São apenas trezentos e noventa e seis passos. Ida e volta. Medidos por mim que tenho pernas curtas. E tortas. São duas ruas para atravessar. Tem que esperar e sinal de pedestres ficar verde. Minha avó dizia Quando aquele homenzinho vermelho no poste ficar verde você atravessa. E não corra!
 
Enquanto espero o homenzinho do poste ficar verde eu converso com um aleijado que pede dinheiro naquele sinal. Ele me contou que se chama Eduardo. Ele tem duas filhas que se chamam Sara e Nadine, e a sua esposa é faxineira. Ele perdeu as pernas quando foi atropelado por um bêbado numa terça-feira às sete e meia da manhã, naquele mesmo cruzamento.O bêbado morreu quando o seu carro subiu a calçada e bateu no muro.
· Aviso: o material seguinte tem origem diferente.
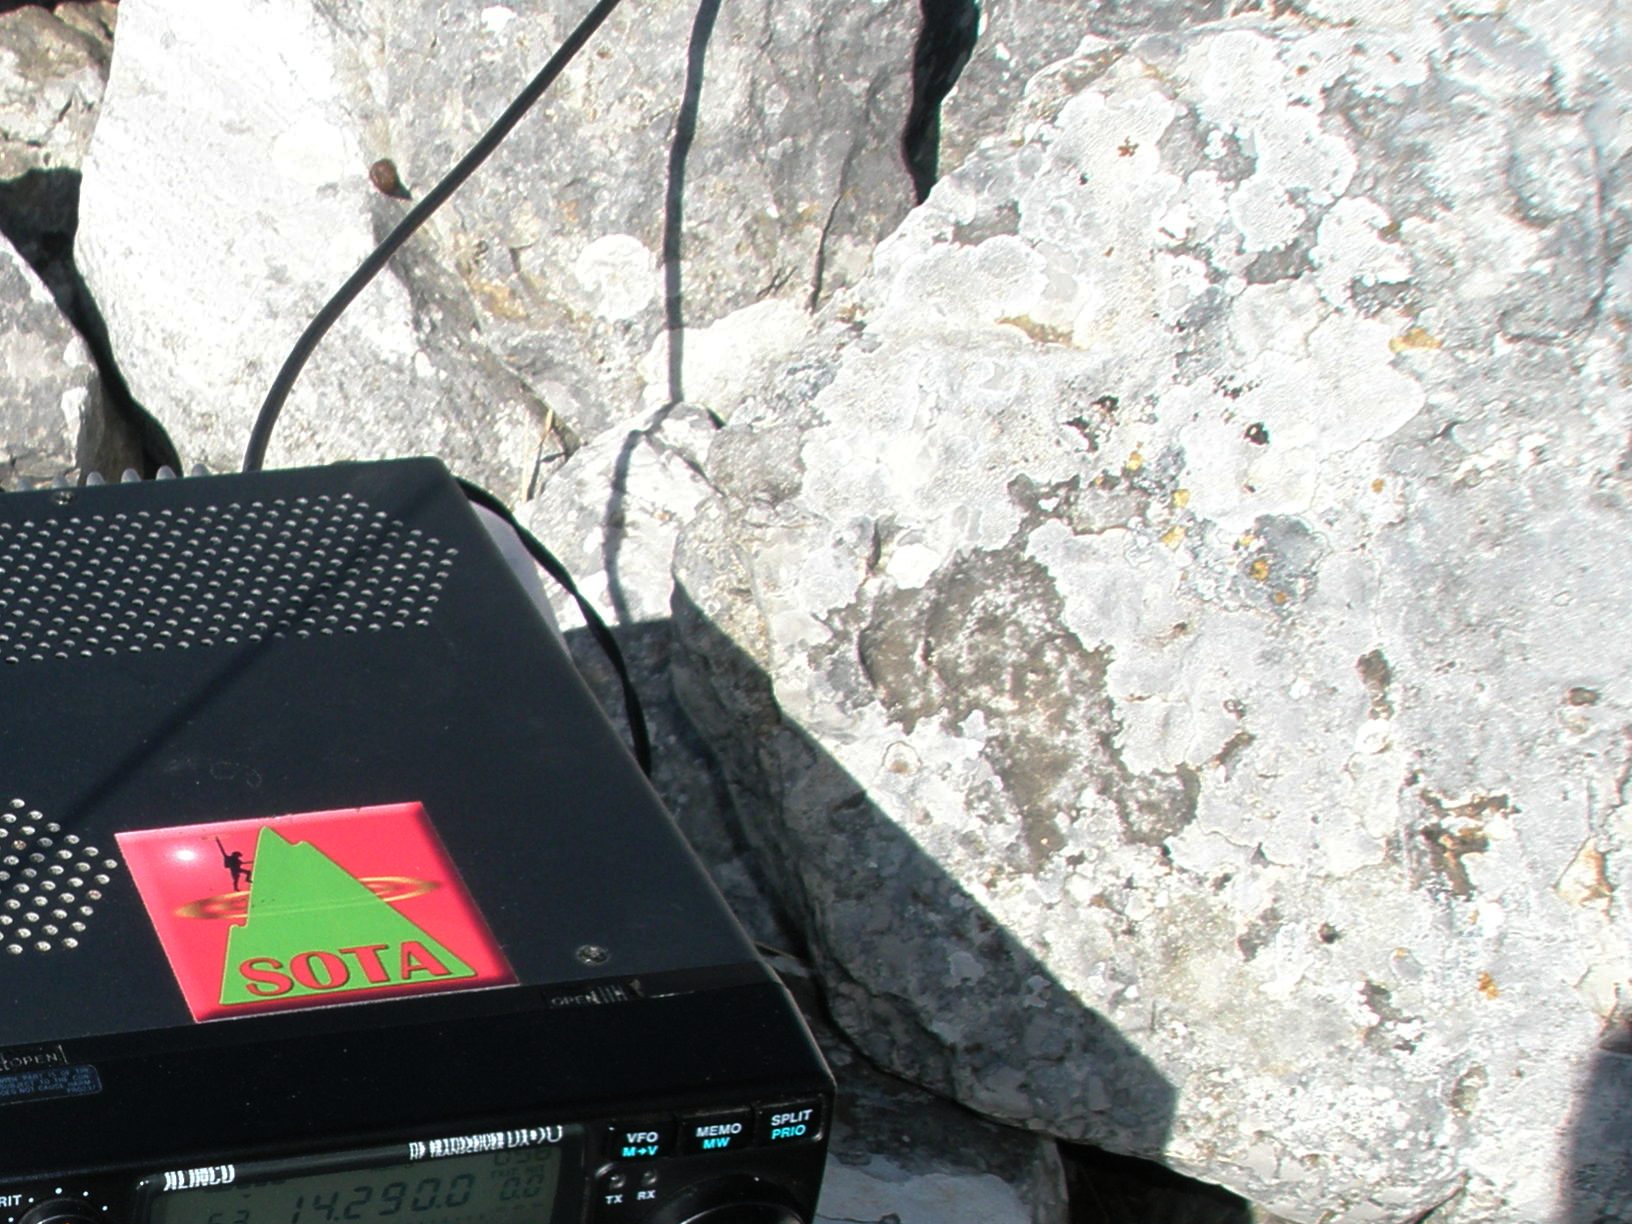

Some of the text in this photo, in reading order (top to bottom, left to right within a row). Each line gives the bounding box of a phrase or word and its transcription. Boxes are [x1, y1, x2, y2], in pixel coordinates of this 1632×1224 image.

[239, 940, 452, 996] SOTA
[770, 1108, 814, 1126] SPLIT
[626, 1131, 659, 1144] VFO
[695, 1122, 743, 1138] MEMO
[770, 1124, 807, 1140] PRIO
[702, 1136, 732, 1150] MW
[604, 1194, 624, 1205] TX
[636, 1189, 656, 1201] RX
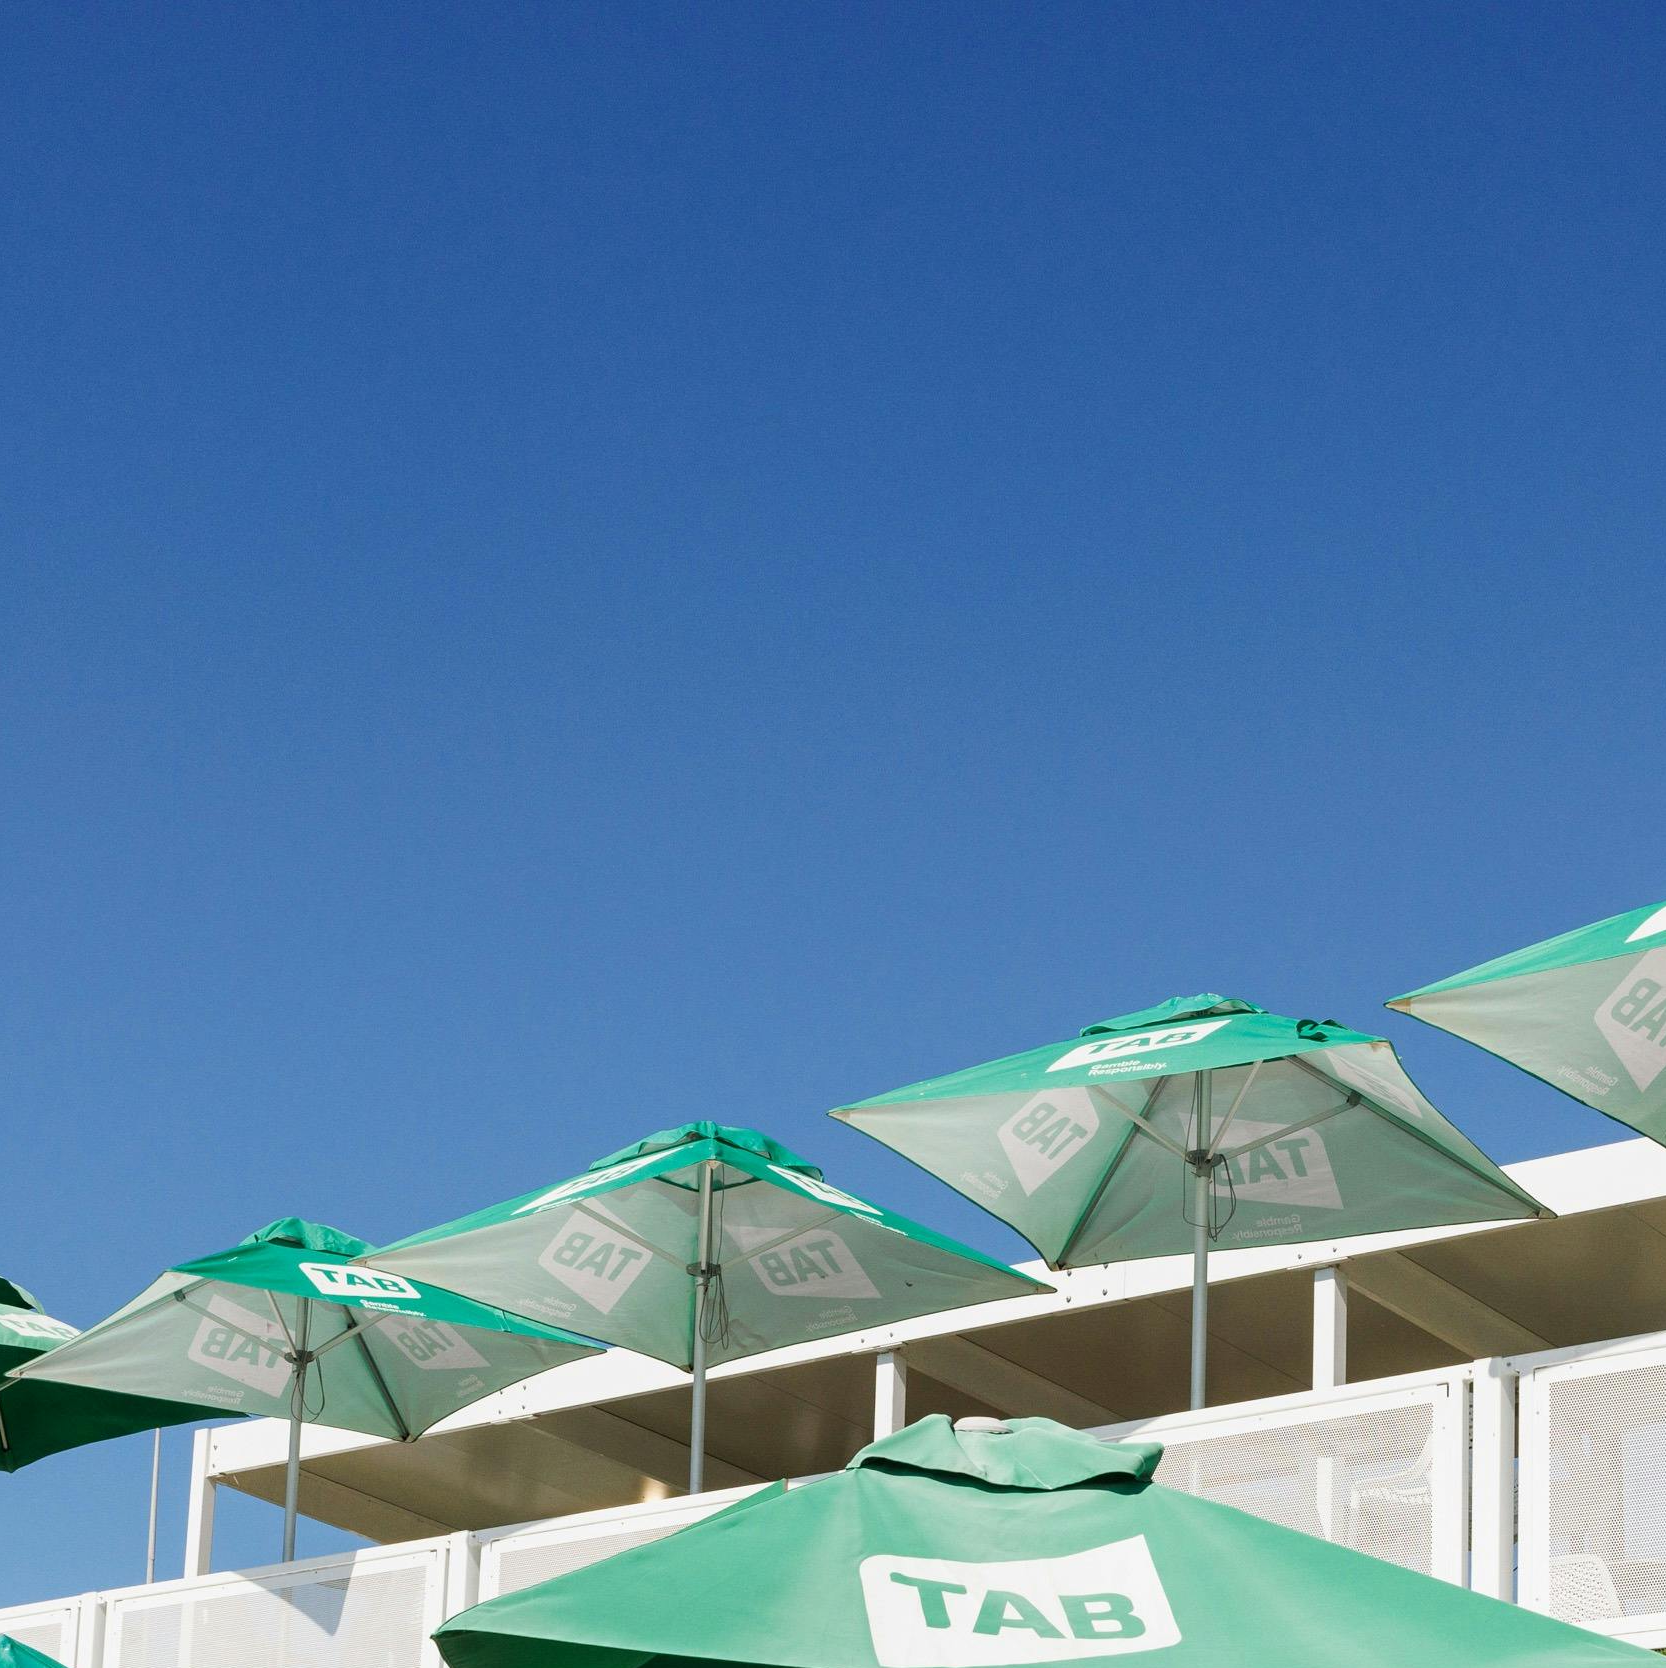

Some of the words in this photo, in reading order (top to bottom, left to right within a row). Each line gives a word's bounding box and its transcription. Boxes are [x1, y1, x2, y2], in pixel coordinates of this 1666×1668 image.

[1087, 1031, 1198, 1055] TAB
[310, 1267, 408, 1293] TAB
[889, 1571, 1146, 1640] TAB
Eduardo perdeu o seu emprego de pedreiro.
 
Na segunda esquina tem um guarda que sempre ri de mim. Um dia eu pergunto o que ele acha tão engraçado em mim. Talvez meus óculos. Talvez minhas roupas. Talvez o meu caminhar. As pessoas me acham estranho eu sei. Não entendo é porque as pessoas riem do que acham estranho.
 
Consigo cantar o hino brasileiro completo no caminho. Às vezes esqueço uma parte. Aí eu paro, olho pro alto para evitar a distração da rua, me lembro e volto a andar. Não gosto de andar sem estar cantando. Meus pés doem se caminho calado ou pensando em problemas.
 
Depois de cento e noventa e oito passos eu paro em frente a banca. Bom dia Marilene. Eu gostaria de comprar a nova revista do ?Colher, O homem Côncavo e Convexo!?... Muito obrigado.
 
Agora são mais cento e noventa e oito passos de volta.